If tax collection reached historic highs, a budget proposed by Gov. Phil Murphy would reduce the total amount of spending provided by one-off sources of revenue.

However, recently published details of the budget indicate that it will continue to rely on significant appropriations from budgetary reserves to achieve balanced revenues.

Budget figures obtained by NJ Spotlight News through a request for public records show that Murphy requires that approximately 5% of annual expenses be backed up as known as one-off sources of income during the fiscal year beginning in July.

Major credit rating agencies and other fiscal security guards typically like to see that annual expenses coincide with annual revenues; they often see a high dependence on one-time sources of income, which they call “one-time,” a sign of trouble.

New Jersey has seen a surge in tax collection in recent months, and according to a nearly $ 49 billion spending plan announced by Murphy earlier this month, the percentage of total spending supported by one-off receipts will be about halved from the last two the financial years of the state. .

How much?

However, budget documents show that about $ 2.5 billion in revenue will continue to come from one-time sources – including the general surplus of the state fund – to support the overall increase in annual spending of $ 2.5 billion per year proposed by Murphy .

MP Hal Wirts: “We are still spending more than we are getting.”

New Jersey got its own the first credit rating boost in nearly two decades earlier this year after the completion of Fr. multibillion-dollar debt initiative. But Republicans took advantage of the administration’s continued reliance on one-off sources of revenue when they criticized the governor’s proposed budget and a broader solution to fiscal issues.

Credit: (NJ Assembly GOP)
March 8, 2022: Republican Hal Wirth in the rostrum responds to Gov. Phil Murphy’s budget plan, accompanied by other Republicans, Senator Declan O’Scanlan at the center and Stephen Oroch.
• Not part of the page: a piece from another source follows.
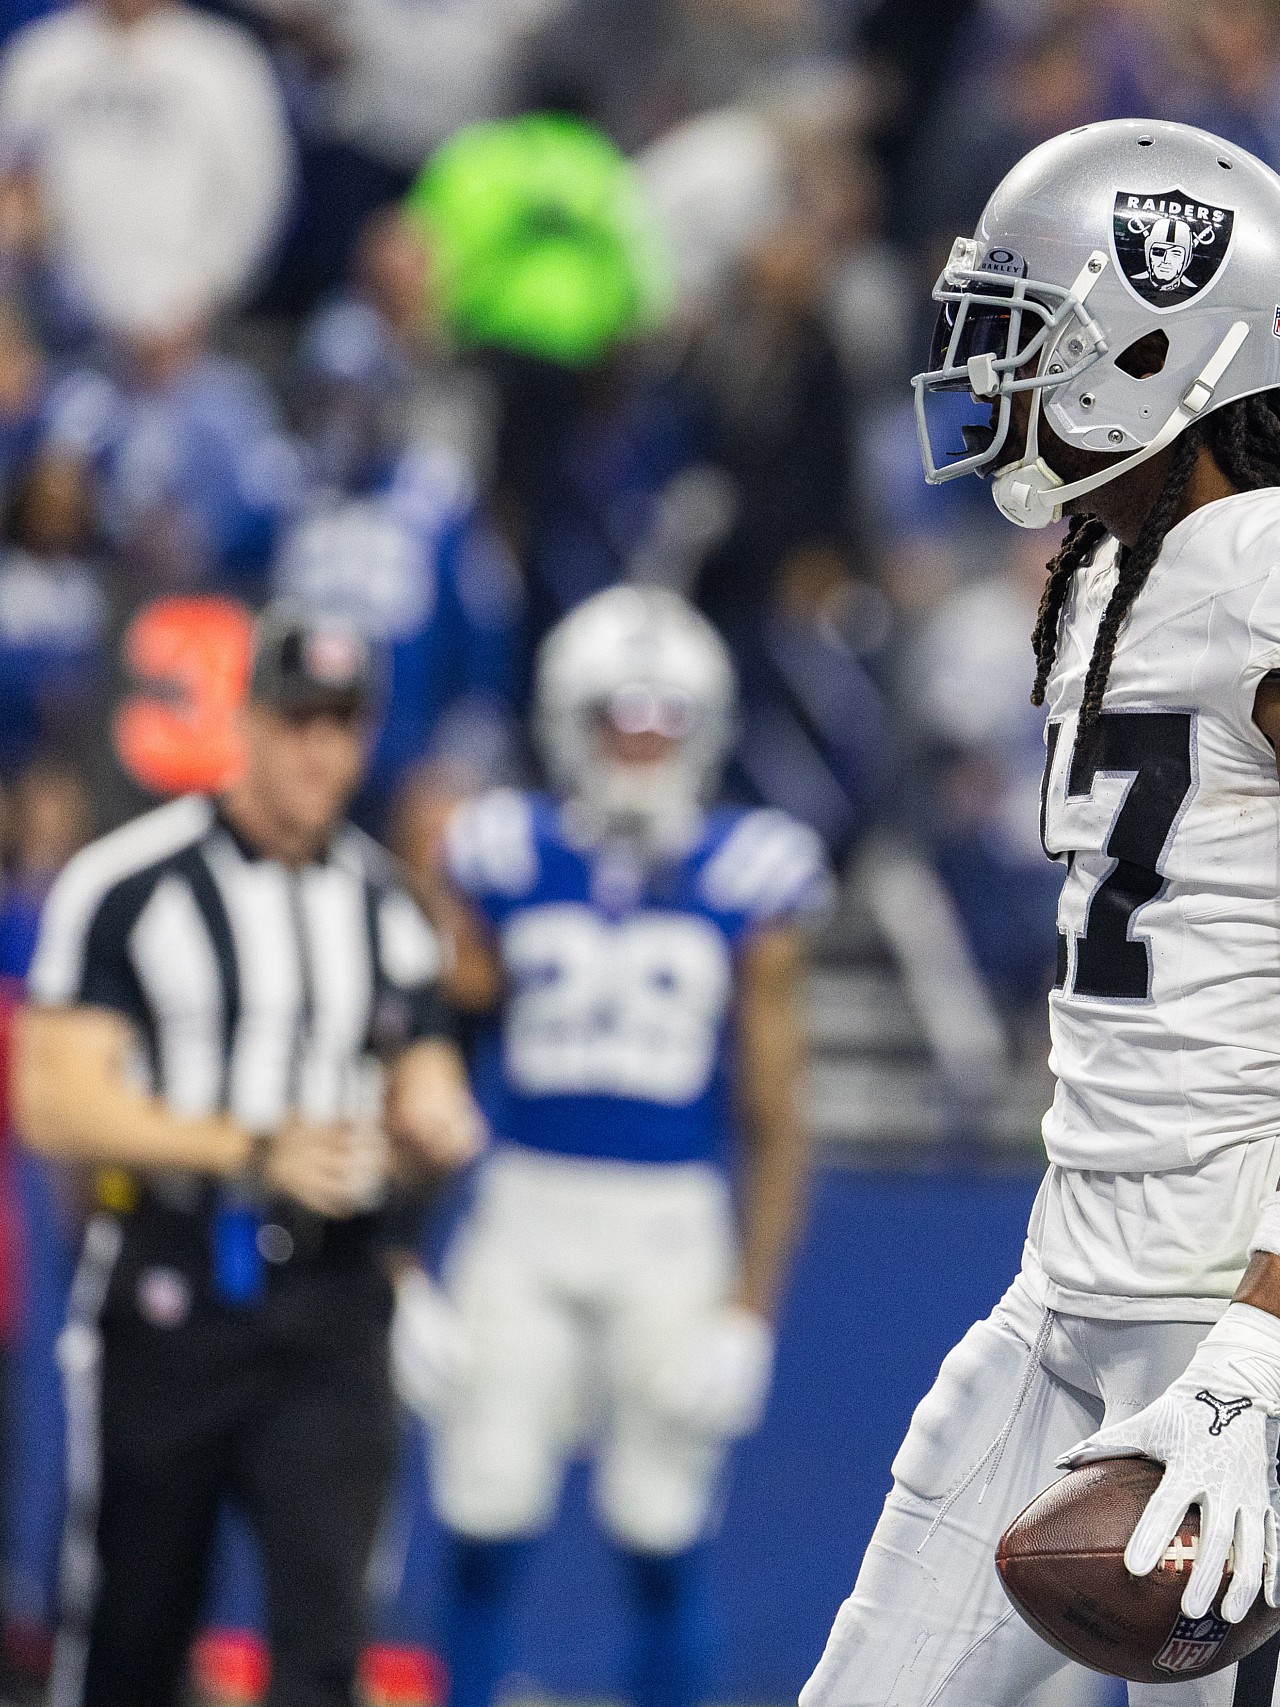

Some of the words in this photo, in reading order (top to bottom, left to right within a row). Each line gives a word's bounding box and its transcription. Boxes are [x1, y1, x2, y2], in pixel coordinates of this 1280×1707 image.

“We are still spending more than we accept,” said Assembly member Hal Wirts (R-Sussex), discussing Murphy’s spending plan in the House of Representatives earlier this month.

“The first thing we need to do is get a structural deficit (solve) and start spending within our means,” Wirts said.

Although a small amount of one-time spending is expected in any government spending plan, New Jersey has often received poor marks from groups such as the non-partisan Walker Alliance, which regularly rank states based on their fiscal practicesincluding whether they use one-time transfers of funds to maintain a balance of expenses.

One Shot Problem

One-off cases create a structural budget gap that is likely to need to be filled in the coming years. Using a budget surplus as a one-time source of revenue also means that less total funding is available as hedging against unforeseen expenditure needs or revenue losses, such as those that hit the state budget in 2020 at the start of the COVID-19 pandemic.

Murphy, a second-term Democrat, aimed to reduce the state’s dependence on one-time income before the pandemic caused a short-term budget deficit that led to mid-year spending cuts in 2020 of about $ 1 billion.

Murphy once said that one-time income “can help balance books in one year, but always – always – leads to a frantic struggle to close an even bigger hole in the next.”

In general, according to budget documents, Murphy’s budget for fiscal year 2023 provides for “expenditure” of $ 2 billion. At the same time, the total surplus projected at the end of this fiscal year is $ 4.2 billion.

“The proposed budget for fiscal year 2023 balances critical spending with a reliable surplus of $ 4.2 billion, more than 10 times the surplus for fiscal year 2018 and nearly 9% of the total budget,” said Finance Ministry spokeswoman Daniel. Curry.

Murphy hit Christy

The Treasury also credits as a one-time revenue of $ 300 million in business tax, which will be levied during the 2023 fiscal year. It is expected that these revenues will not be repeated in the next financial year, when the allowance for highly profitable enterprises is planned before sunset.

Before the pandemic, Murphy, a former Wall Street chief, said the key policy goal was less than 2% of annual spending tied to one-time income.

He told lawmakers in a speech on the 2020 budget that one-off revenues “can help balance books in one year, but always – always – lead to a frantic struggle to close an even bigger hole in the next.”

During the same speech, Murphy also targeted his Republican predecessor Chris Christie, saying the former governor often used single shots in a “desperate attempt to get New Jersey residents to believe the state is on solid ground.”

Asked whether a one-time allocation of less than 2% of planned annual spending is still a political goal of the Murphy administration, Curry said: “Reducing reliance on one-off resources remains a goal.

“The new proposed budget is more than halving these resources compared to last year,” she said.